Apparently, people are getting worked up over something called the Super Bowl. I have no idea what it’s all about. From what I’ve been able to tell, it involves large men, donned in heavily padded clothing, who like to run into each other and slap their fellow teammates on the ass, when they’re not busy dislocating their shoulders or otherwise ensuring that their considerable physical prowess will be worthless before the age of 35. There are also lots of exciting commercials, which involve companies giving lots of cash to advertising agencies and flashy directors, and the advertising agencies, in turn, giving lots of cash to television executives.

Cash transfers and lavish time-wasting aren’t limited to the boys in the Ivory Tower. Men (and women) are using this “event” as an excuse to drink lots of beer, roar like wild cougars at the television screen, and gorge upon hideous snacks, many of which are loaded with polysaturated fat, with a sizable chunk of these eaten directly from noisy plastic packaging.

Furthermore, former football stars (referred to as “commentators,” a kind term that implies expertise, but is really about giving the more telegenic ex-quarterbacks a job) will be on hand to offer “analysis.” Said analysis, which does not involve Kant or Kirkegaard, will have these men dressed in gaudy suits that are silly and unflattering, meting out comparisons with previous Super Bowls, remarking upon how some quarterback “looks good this year,” or how “nobody saw that coming,” or how a team, a coach or a player “is in trouble,” and doing all this without poetics or a remotely interesting argument. There will also be something called a “halftime show,” whereby men will urinate en masse, and the reluctant people yawning on the divans with their football-loving significant others will try to justify the three or so tedious hours. They will note how nice this underwhelming display of sensationalism is. When, in fact, they hope the interminable thing will be over and pray to all known gods that the game doesn’t go into overtime. These reluctant types will also try to find artistic merit in the commercials, casually forgetting that the commercials are created, first and foremost, to move products. Ultimately, their feelings will be unvoiced. They will tolerate this Super Bowl thing the same way they do every year. The luckier ones will be get out of the house, or spend the three hours having sex with “an unmanly man,” or go shopping, or have a girls’ afternoon out.

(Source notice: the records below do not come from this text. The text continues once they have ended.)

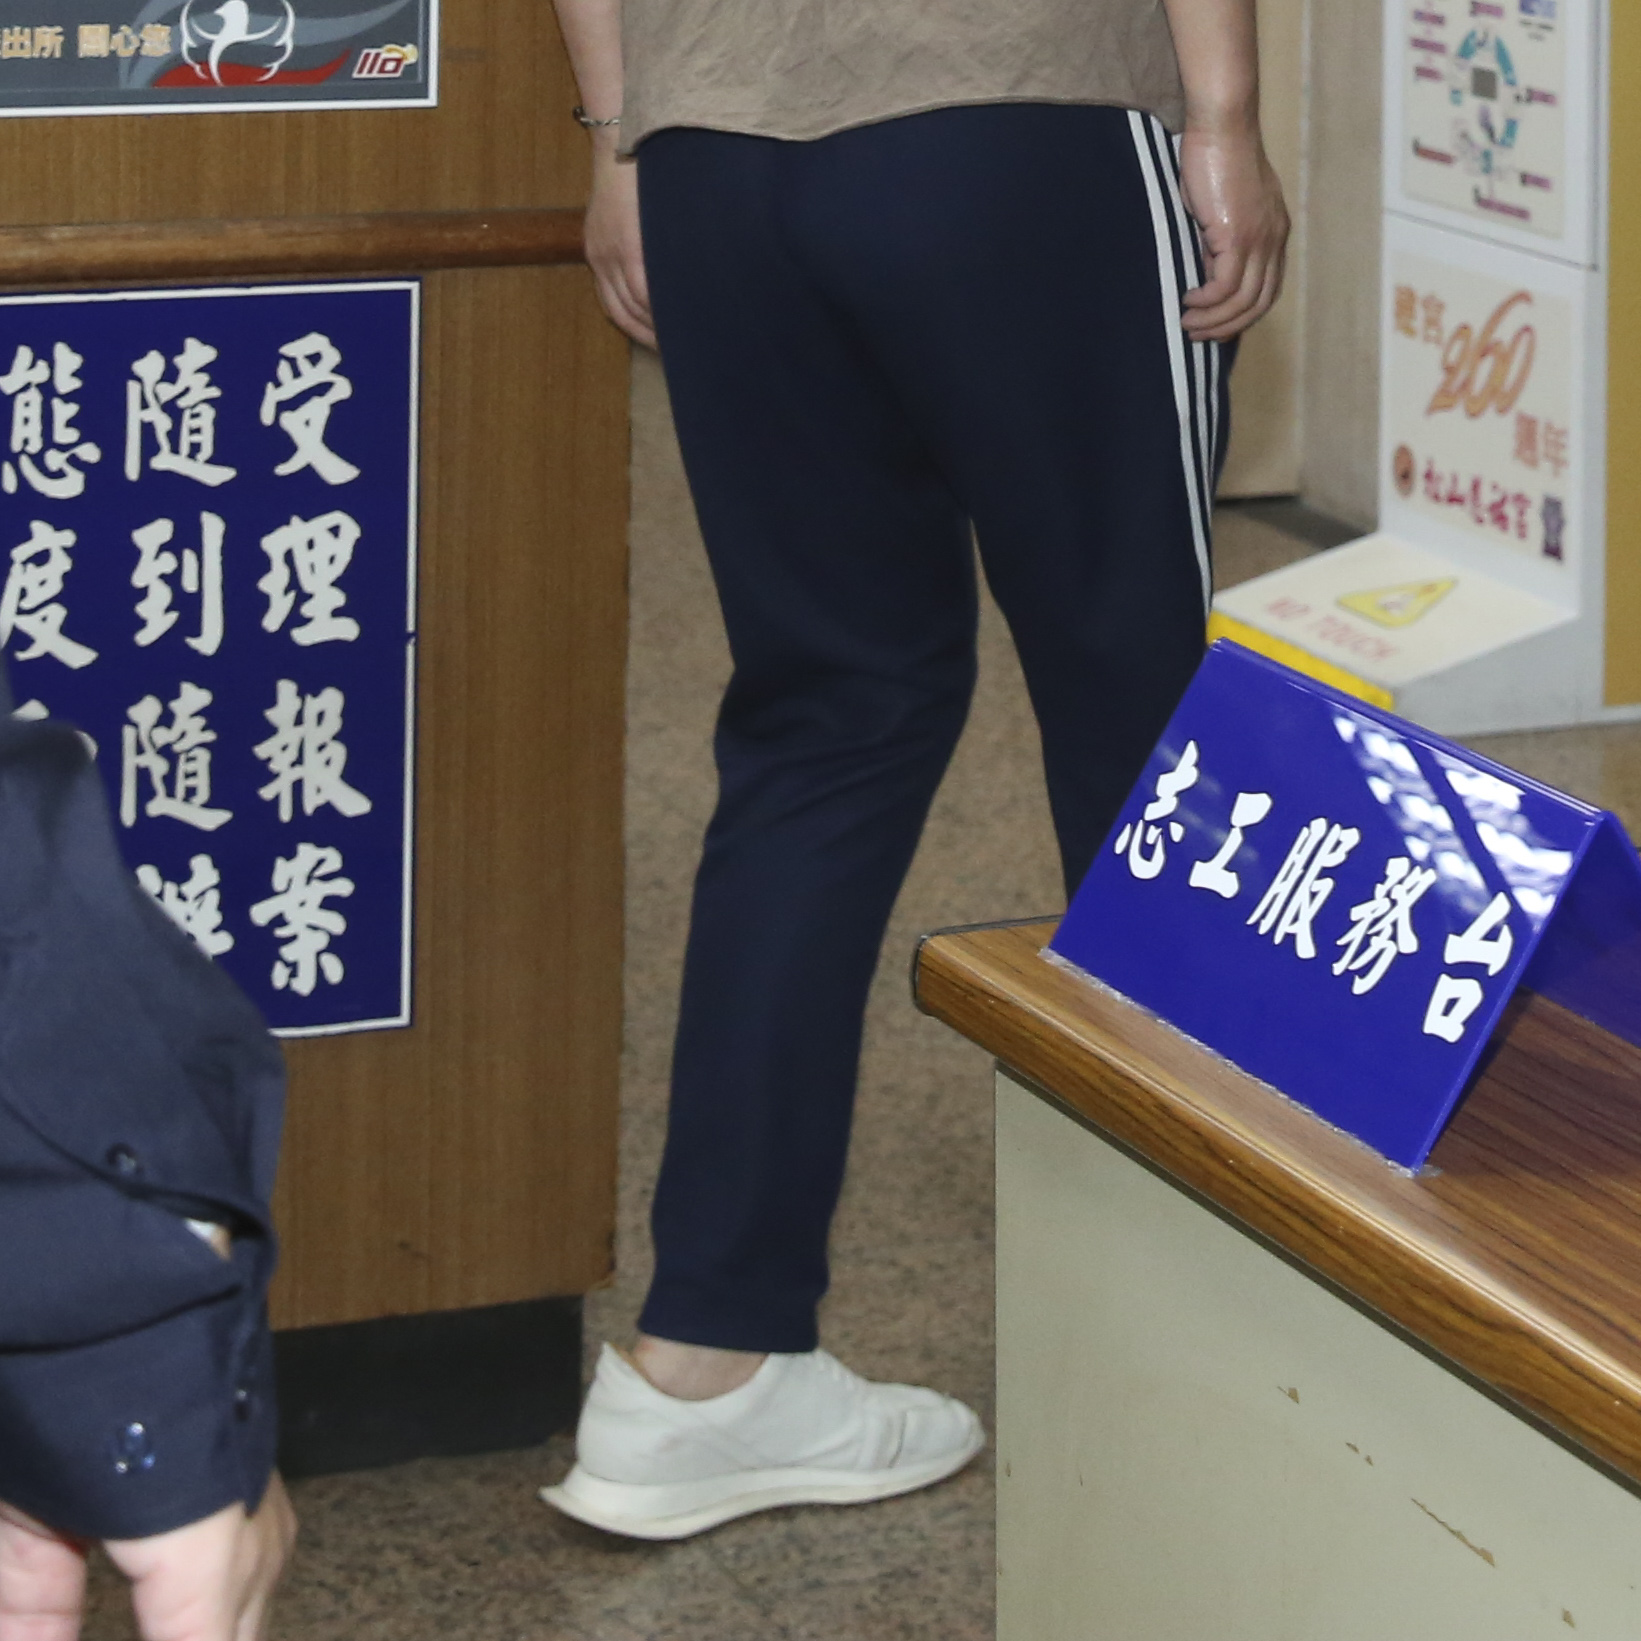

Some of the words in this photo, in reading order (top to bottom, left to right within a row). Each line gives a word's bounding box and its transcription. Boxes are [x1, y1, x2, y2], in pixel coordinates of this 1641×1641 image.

[249, 332, 372, 997] 受理報案
[1114, 740, 1514, 1043] 志工服務台
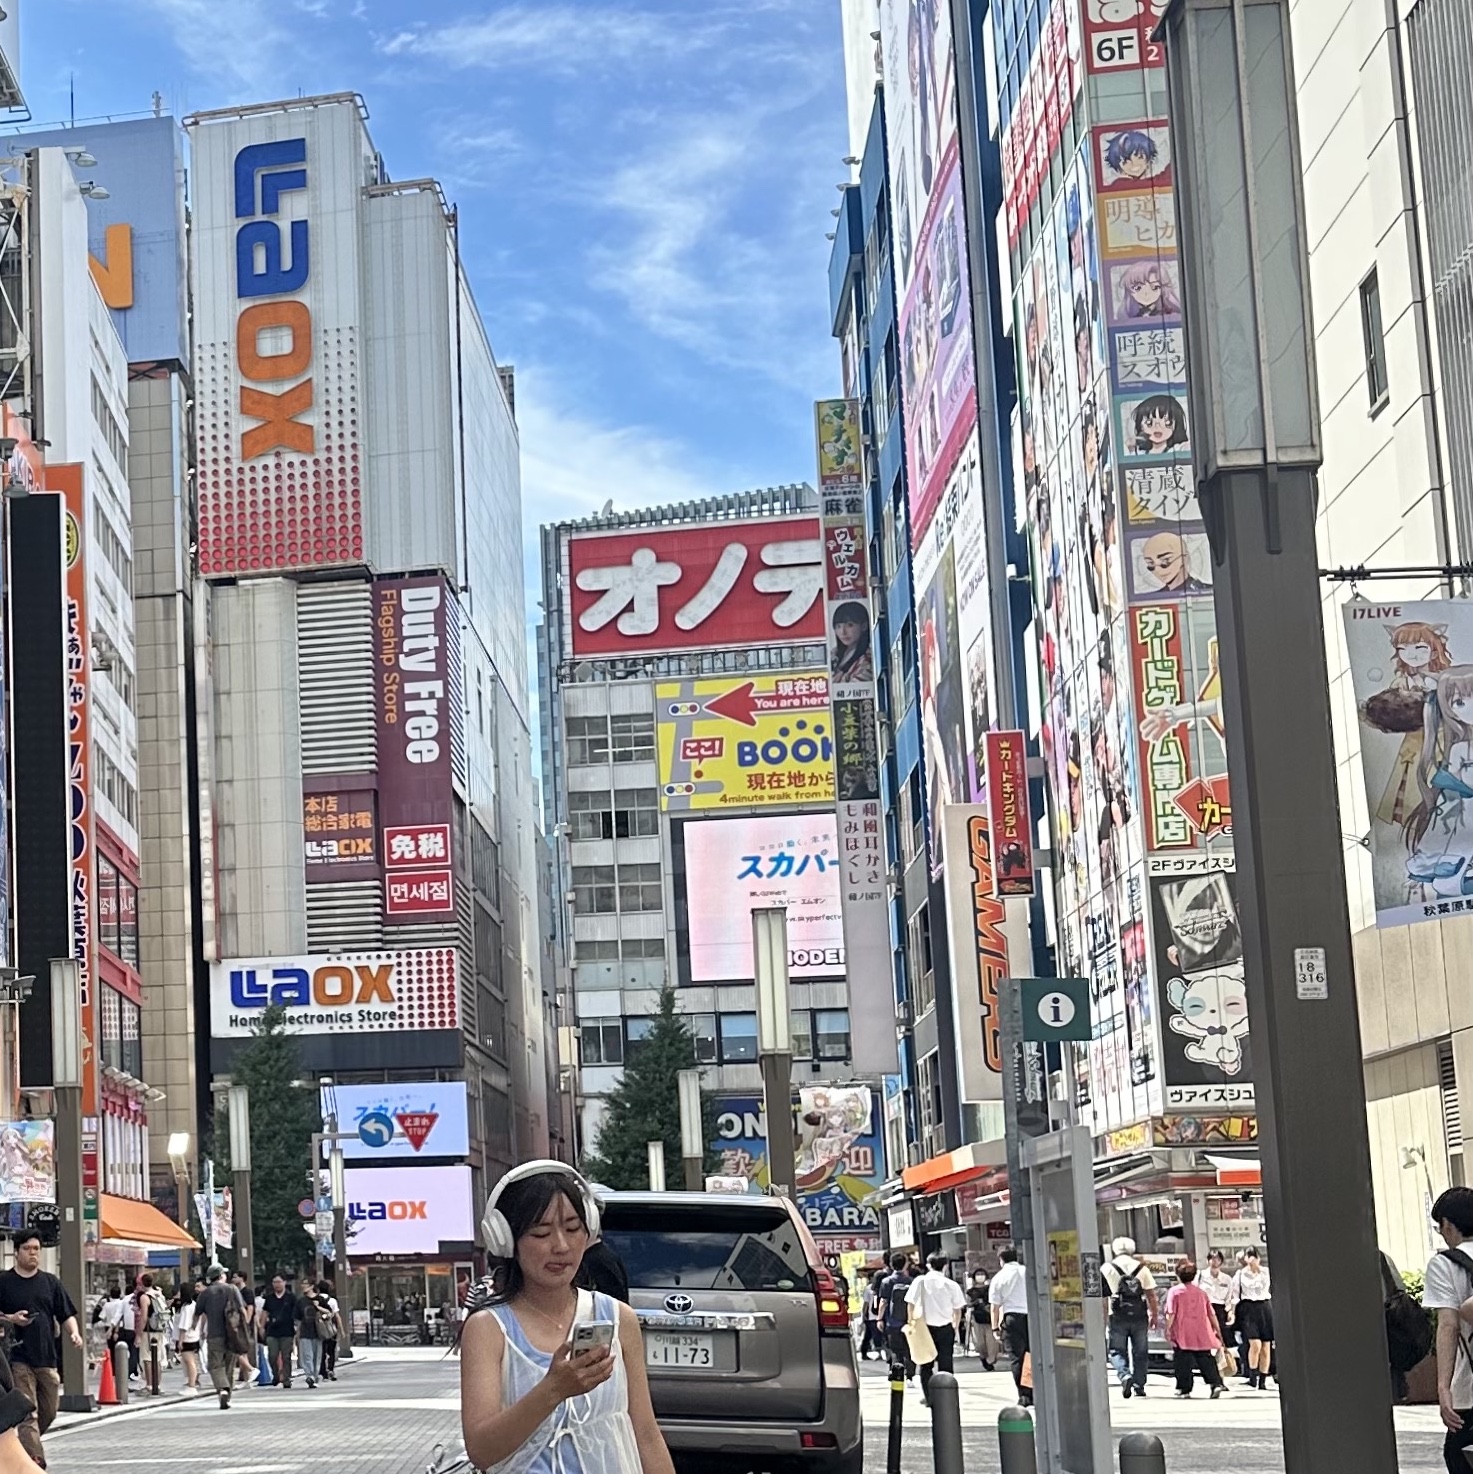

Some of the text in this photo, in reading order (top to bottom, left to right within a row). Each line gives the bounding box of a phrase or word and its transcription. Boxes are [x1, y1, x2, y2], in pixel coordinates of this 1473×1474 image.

[1096, 36, 1134, 62] 6F
[1353, 605, 1401, 621] 17LIVE
[378, 589, 400, 724] Flagship Store
[399, 585, 444, 764] Duty Free
[777, 677, 828, 696] 現在地
[754, 698, 777, 710] You
[780, 697, 804, 707] are
[685, 740, 721, 757] ここ!
[304, 795, 338, 814] 本店
[767, 791, 792, 801] walk
[794, 790, 821, 800] from
[305, 811, 373, 832] 総合家電
[390, 832, 446, 860] 免税
[390, 880, 449, 904] 면세점
[1298, 962, 1315, 972] 18
[1298, 972, 1325, 984] 316
[358, 1009, 398, 1024] Store
[408, 1127, 428, 1136] STOP
[682, 1335, 699, 1346] 334
[664, 1346, 710, 1365] 11-73
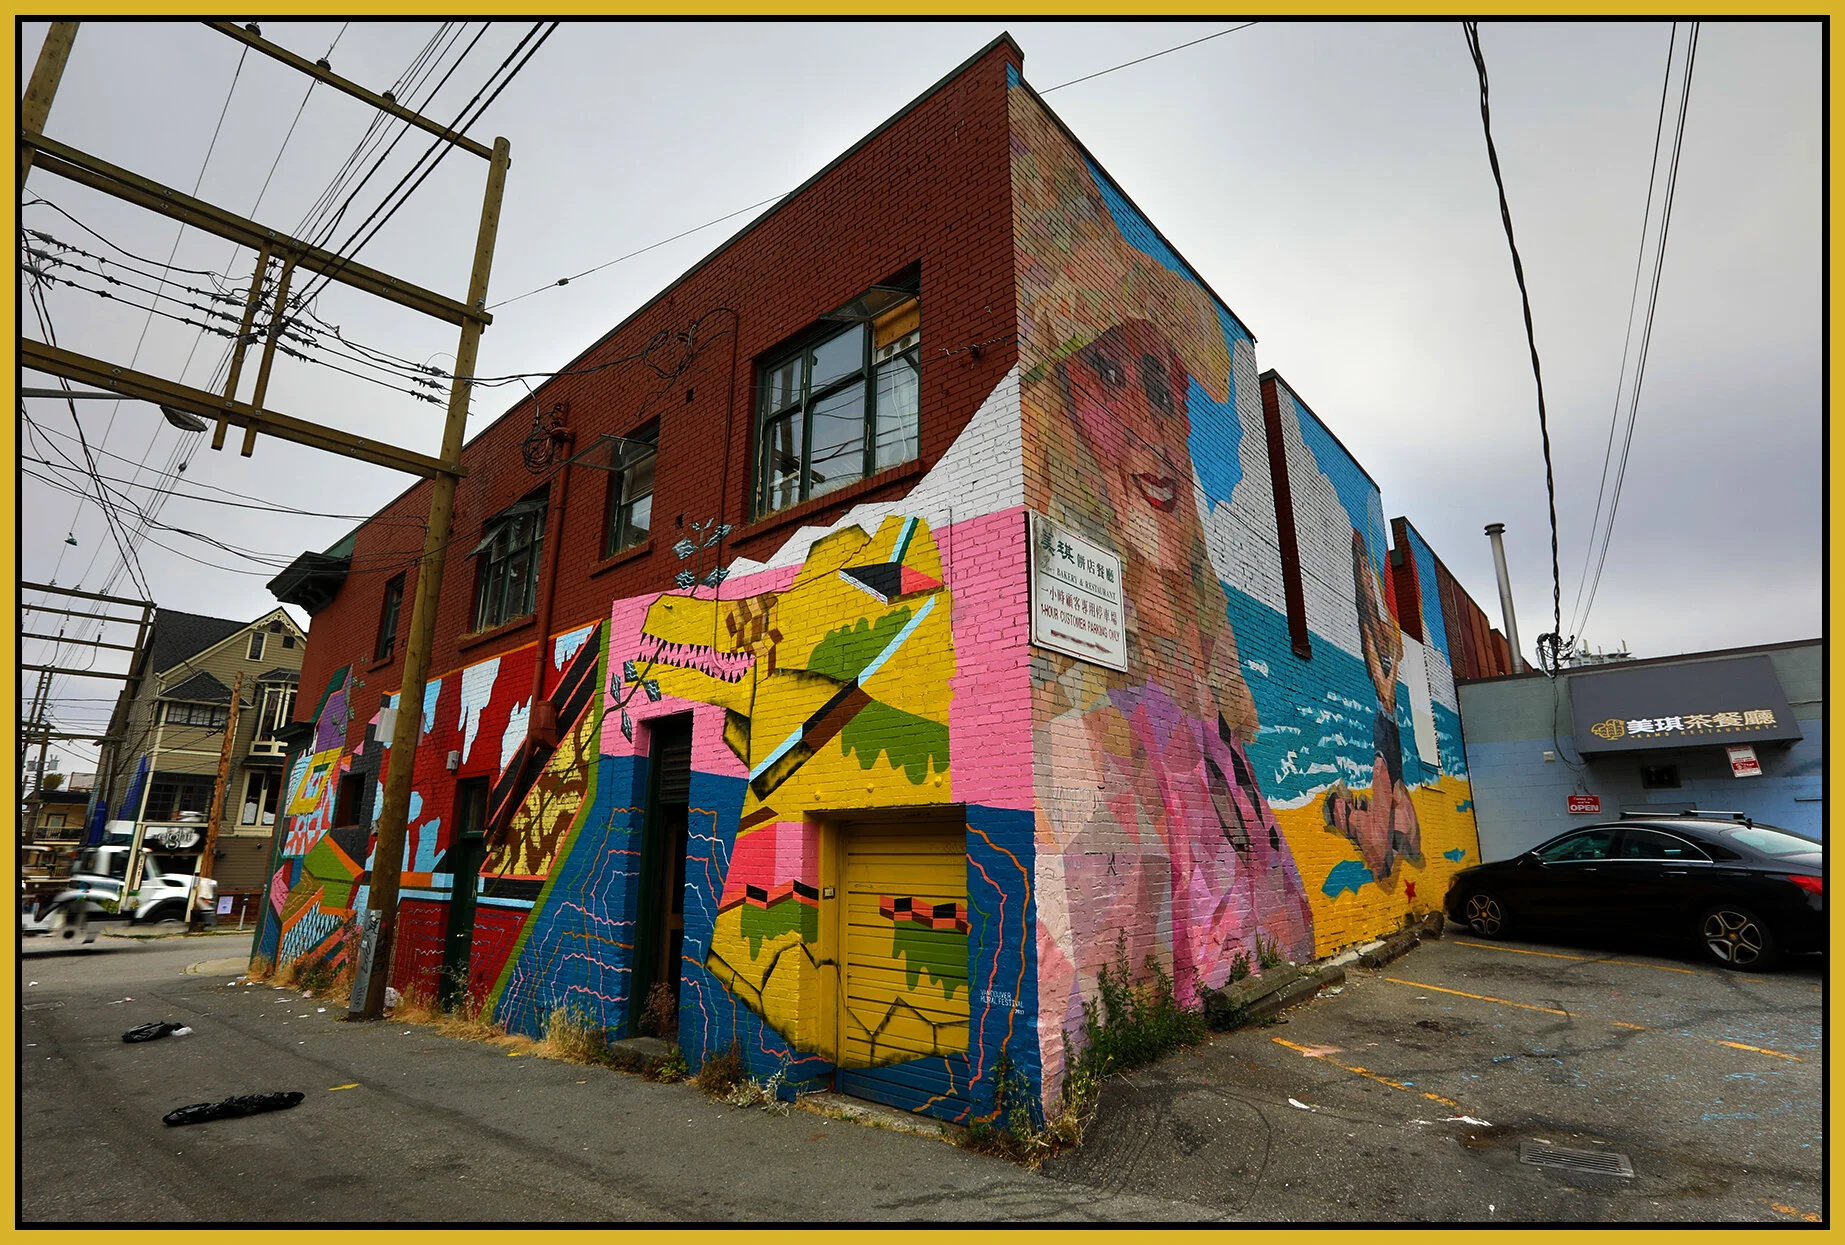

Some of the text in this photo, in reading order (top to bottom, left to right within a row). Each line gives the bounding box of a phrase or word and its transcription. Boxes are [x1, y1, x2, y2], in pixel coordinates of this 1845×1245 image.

The men (and women) watching the Super Bowl will offer something for these people to talk about around the Monday morning water cooler, though most of the arguments will be mined from the sports pages and the shaky “analysis” of the “commentators.”

Ultimately, lots of time and money will be spent for no apparent purpose. But then what else is new in America?

Pop Lit: It’s Everywhere!

Anne Rice has decided to move to the suburbs in order to “simplify her life.” She also plans to shop more at The Gap, eat more at Denny’s, and spend her afternoons writing at Starbuck’s. Her novels, Rice promised, will retain their mediocrity. The move will also allow Rice to be more in touch with her suburban reading audience.

Okay, something sillier than Ann Beattie’s attempts to intellectualize Leonard or Dwight Garner’s simile-laden minefield. In this Rising Up and Rising Down review, with the exception of the first paragraph, every paragraph begins with “Vollman [verb].” What does The Globe and Mail think book coverage is all about? Five paragraph essays? And Dear Gray Lady, what the hell’s going on this week?

Lord Armstrong, the man who tried to stop Spycatcher from being published, has become president of the Literary Society. The British literary elite is furious. Beyond expressing concerns that the society now has a would-be censor at the head, members are concerned that Armstrong simply isn’t snotty enough, and wouldn’t know Brie from Jarlsburg.

The Times has, predictably enough, a tremendous amount of info and documentation on The Well of Loneliness.

Elmore Leonard talks with the AP about his new novel, Mr. Paradise.

1974 was the year of Gravity’s Rainbow, the first of Robert Caro’s mammoth biographies, the founding of the National Book Critics Circle, and All the President’s Men. So what better way for Auntie Beeb to look back than with an expose on a trashy blockbuster novel?